Ruggero Golini, Federico Caniato and Matteo Kalchschmidt

The purpose of this paper is to analyse how the role of the plant in a manufacturing network (MN) affects the configurations of the flows of goods among plants, suppliers…

Abstract

Purpose

The purpose of this paper is to analyse how the role of the plant in a manufacturing network (MN) affects the configurations of the flows of goods among plants, suppliers and customers and how these configurations, in turn, affect the extent of adoption and effectiveness of supply chain (SC) integration.

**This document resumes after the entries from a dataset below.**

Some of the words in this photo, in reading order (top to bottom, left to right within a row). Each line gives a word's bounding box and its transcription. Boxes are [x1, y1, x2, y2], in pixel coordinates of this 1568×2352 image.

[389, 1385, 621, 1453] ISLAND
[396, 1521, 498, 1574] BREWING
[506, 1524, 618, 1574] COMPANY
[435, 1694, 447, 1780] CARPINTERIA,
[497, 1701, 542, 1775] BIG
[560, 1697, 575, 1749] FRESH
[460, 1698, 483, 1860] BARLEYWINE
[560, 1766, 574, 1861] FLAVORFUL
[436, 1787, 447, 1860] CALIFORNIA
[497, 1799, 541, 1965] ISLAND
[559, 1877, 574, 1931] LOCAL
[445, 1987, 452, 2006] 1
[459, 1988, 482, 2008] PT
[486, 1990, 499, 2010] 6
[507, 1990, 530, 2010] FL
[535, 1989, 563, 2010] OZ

Design/methodology/approach

Three research questions are developed at the plant level and then tested using an international survey (IMSS 6) featuring 364 plants which are part of an intra-company MN from 18 countries.

Findings

Five configurations of flows of goods emerge from the analysis. These configurations appear to be related to the role of the plant in the network and to the effectiveness of SC integration practices, but not to their extent of adoption.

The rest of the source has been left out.